Given records:
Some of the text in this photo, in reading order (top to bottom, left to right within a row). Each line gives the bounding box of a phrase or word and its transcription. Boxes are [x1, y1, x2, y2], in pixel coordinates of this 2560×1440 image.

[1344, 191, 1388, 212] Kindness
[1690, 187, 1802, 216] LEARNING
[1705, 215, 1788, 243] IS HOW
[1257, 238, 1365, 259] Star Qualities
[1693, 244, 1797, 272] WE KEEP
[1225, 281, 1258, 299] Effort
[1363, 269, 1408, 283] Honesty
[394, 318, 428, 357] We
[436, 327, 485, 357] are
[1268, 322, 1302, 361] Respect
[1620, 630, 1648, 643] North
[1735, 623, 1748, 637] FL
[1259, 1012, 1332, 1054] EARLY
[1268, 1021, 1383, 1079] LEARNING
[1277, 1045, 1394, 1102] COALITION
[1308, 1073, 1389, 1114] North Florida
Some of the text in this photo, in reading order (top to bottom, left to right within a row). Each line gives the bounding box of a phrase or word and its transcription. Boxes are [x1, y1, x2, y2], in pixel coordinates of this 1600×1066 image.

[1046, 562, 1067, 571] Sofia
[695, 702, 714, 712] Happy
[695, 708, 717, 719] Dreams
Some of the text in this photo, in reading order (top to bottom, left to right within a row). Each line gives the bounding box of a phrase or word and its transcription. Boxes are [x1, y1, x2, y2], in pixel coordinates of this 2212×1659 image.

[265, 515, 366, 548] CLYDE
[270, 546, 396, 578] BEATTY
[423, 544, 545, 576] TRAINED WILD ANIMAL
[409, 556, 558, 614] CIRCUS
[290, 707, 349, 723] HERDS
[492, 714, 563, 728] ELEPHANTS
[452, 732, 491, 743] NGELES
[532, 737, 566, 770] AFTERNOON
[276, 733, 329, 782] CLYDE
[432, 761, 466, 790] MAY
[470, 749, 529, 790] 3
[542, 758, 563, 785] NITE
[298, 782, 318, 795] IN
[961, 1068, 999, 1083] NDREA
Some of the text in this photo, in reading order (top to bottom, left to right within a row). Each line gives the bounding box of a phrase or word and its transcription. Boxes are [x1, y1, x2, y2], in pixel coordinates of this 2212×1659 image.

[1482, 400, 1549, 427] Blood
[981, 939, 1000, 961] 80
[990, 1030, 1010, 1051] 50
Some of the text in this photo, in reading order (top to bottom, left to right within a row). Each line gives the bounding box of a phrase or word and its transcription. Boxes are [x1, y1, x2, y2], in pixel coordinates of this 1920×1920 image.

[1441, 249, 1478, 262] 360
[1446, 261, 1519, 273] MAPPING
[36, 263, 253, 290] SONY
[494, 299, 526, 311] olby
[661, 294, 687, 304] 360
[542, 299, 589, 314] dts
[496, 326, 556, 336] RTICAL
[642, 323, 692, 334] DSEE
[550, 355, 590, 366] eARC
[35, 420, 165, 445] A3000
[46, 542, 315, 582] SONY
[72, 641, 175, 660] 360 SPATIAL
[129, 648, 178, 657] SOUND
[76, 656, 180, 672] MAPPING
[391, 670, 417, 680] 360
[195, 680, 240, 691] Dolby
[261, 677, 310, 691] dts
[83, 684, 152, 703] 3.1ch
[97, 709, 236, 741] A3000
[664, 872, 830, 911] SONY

Try it:
Copy every record above verbatim and in full.

Completed task:
Some of the text in this photo, in reading order (top to bottom, left to right within a row). Each line gives the bounding box of a phrase or word and its transcription. Boxes are [x1, y1, x2, y2], in pixel coordinates of this 2560×1440 image.

[1344, 191, 1388, 212] Kindness
[1690, 187, 1802, 216] LEARNING
[1705, 215, 1788, 243] IS HOW
[1257, 238, 1365, 259] Star Qualities
[1693, 244, 1797, 272] WE KEEP
[1225, 281, 1258, 299] Effort
[1363, 269, 1408, 283] Honesty
[394, 318, 428, 357] We
[436, 327, 485, 357] are
[1268, 322, 1302, 361] Respect
[1620, 630, 1648, 643] North
[1735, 623, 1748, 637] FL
[1259, 1012, 1332, 1054] EARLY
[1268, 1021, 1383, 1079] LEARNING
[1277, 1045, 1394, 1102] COALITION
[1308, 1073, 1389, 1114] North Florida
Some of the text in this photo, in reading order (top to bottom, left to right within a row). Each line gives the bounding box of a phrase or word and its transcription. Boxes are [x1, y1, x2, y2], in pixel coordinates of this 1600×1066 image.

[1046, 562, 1067, 571] Sofia
[695, 702, 714, 712] Happy
[695, 708, 717, 719] Dreams
Some of the text in this photo, in reading order (top to bottom, left to right within a row). Each line gives the bounding box of a phrase or word and its transcription. Boxes are [x1, y1, x2, y2], in pixel coordinates of this 2212×1659 image.

[265, 515, 366, 548] CLYDE
[270, 546, 396, 578] BEATTY
[423, 544, 545, 576] TRAINED WILD ANIMAL
[409, 556, 558, 614] CIRCUS
[290, 707, 349, 723] HERDS
[492, 714, 563, 728] ELEPHANTS
[452, 732, 491, 743] NGELES
[532, 737, 566, 770] AFTERNOON
[276, 733, 329, 782] CLYDE
[432, 761, 466, 790] MAY
[470, 749, 529, 790] 3
[542, 758, 563, 785] NITE
[298, 782, 318, 795] IN
[961, 1068, 999, 1083] NDREA
Some of the text in this photo, in reading order (top to bottom, left to right within a row). Each line gives the bounding box of a phrase or word and its transcription. Boxes are [x1, y1, x2, y2], in pixel coordinates of this 2212×1659 image.

[1482, 400, 1549, 427] Blood
[981, 939, 1000, 961] 80
[990, 1030, 1010, 1051] 50
Some of the text in this photo, in reading order (top to bottom, left to right within a row). Each line gives the bounding box of a phrase or word and its transcription. Boxes are [x1, y1, x2, y2], in pixel coordinates of this 1920×1920 image.

[1441, 249, 1478, 262] 360
[1446, 261, 1519, 273] MAPPING
[36, 263, 253, 290] SONY
[494, 299, 526, 311] olby
[661, 294, 687, 304] 360
[542, 299, 589, 314] dts
[496, 326, 556, 336] RTICAL
[642, 323, 692, 334] DSEE
[550, 355, 590, 366] eARC
[35, 420, 165, 445] A3000
[46, 542, 315, 582] SONY
[72, 641, 175, 660] 360 SPATIAL
[129, 648, 178, 657] SOUND
[76, 656, 180, 672] MAPPING
[391, 670, 417, 680] 360
[195, 680, 240, 691] Dolby
[261, 677, 310, 691] dts
[83, 684, 152, 703] 3.1ch
[97, 709, 236, 741] A3000
[664, 872, 830, 911] SONY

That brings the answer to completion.